In Baile v. Ins. Co., 73 Mo. 371, it was held that an insurance company could make a binding contract *382of insurance without writing. In the second of these cases — Lanitz v. King — the learned judge who wrote the opinion must be presumed to have been aware of what was ruled in Baile v. Ins. Co., yet he cites with approval and applies the rule of pleading stated in Henning v. Ins. Co. This goes to' show that the rule there declared was a general rule of pleading and not limited in its application to contracts which are required by the law to be in writing. And this becomes more apparent when the opinion in Lanitz v. King is fully scrutinized, for it is there to be seen that the contract was one in writing for the sale of real estate where the purchaser Was accorded two weeks time in which to arrange for the payment of the purchase price of the land. The purchaser did not offer to pay the purchase price of the land at the stipulated time, but twenty-one months afterwards he tendered the same and demanded a deed of the seller, which was refused. ' The purchaser • brought suit for damages for the breach of the contract, declaring on the contract as written. At the trial tho purchaser undertook to show a modificatian, or rather facts which amounted to a waiver of the stipulation in the contract as to the time of payment of the purchase price of the land which had not been pleaded. This the trial court refused to permit him to do.

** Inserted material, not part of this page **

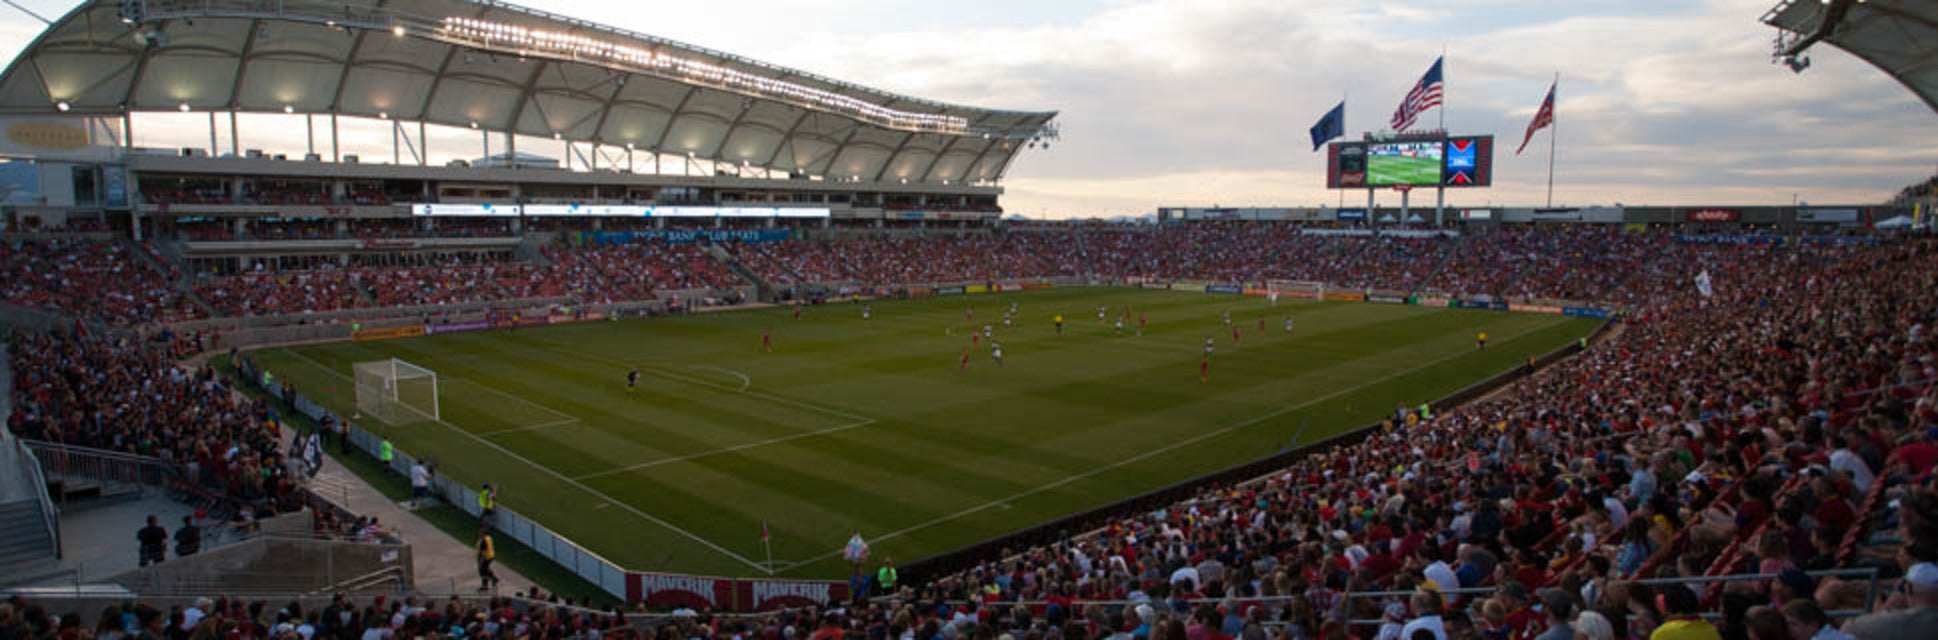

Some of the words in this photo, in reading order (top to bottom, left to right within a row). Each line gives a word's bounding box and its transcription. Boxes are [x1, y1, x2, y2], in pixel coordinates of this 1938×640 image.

[668, 231, 695, 241] BANK
[642, 575, 717, 606] MAVERIK
[752, 582, 831, 608] MAVERIK

The supreme court solved the question of the propriety of the action of the trial court in excluding this evidence by reiterating and applying the rule of Henning v. Ins. Co. And to prevent any misconception of the ruling, it was said in the concluding paragraph of the opinion that, “We do not consider the question whether such subsequent parol modification of the written contract would be within the statute of frauds.” So that the court considered the rule in its application to pleadings on contracts in general unaffected by the statute of frauds, or in other words the idea that the *383rule was to be applied only in those cases where there is a subsequent parol modification of such contracts as are required by the statute of frauds to be in writing, is expressly negatived. A parol modification of a contract required by the statute of frauds to be in writing can have no existence except perhaps in respect to the consideration in contracts for sale of real estate. Rucker v. Harrington, 52 Mo. App. 481; Smith v. Shell, 82 Mo. 215. If is thus seen that according to defend-nut’s contention this rule of pleading would have a very limited application indeed, but in this we think it is in error and that the rule applies in every case where the modification of the contract sought to be established is a legal and valid modification of the original contract.

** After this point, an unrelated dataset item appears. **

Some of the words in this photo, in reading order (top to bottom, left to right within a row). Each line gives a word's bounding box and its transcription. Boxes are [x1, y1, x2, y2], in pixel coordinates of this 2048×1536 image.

The defendants have misconceived what is declared in Brown v. Brown, 90 Mo. 184. The question there was whether certain oral testimony was admitted which it was contended contradicted or varied a written receipt given for the negotiation of a note and the payment of the proceeds thereof. In deciding this in the negative it is declared by the court, that the “Rule which prohibits the introduction of parol contemporaneous evidence does not apply when the original contract was verbal and entire and part only reduced to writing. * * * Nor does the prohibitory rule apply when a complete contract in writing is entered into which is subsequently varied by a parol agreement.” From this it is plain that the court' was dealing with a rule of evidence and not of pleading. The case is not in conflict with the two first cases cited, but if it was it would have to yield to the latter ruling made in Lanitz v. King.
We can discover no reason for receding from the •opinion we have already expressed in the ease.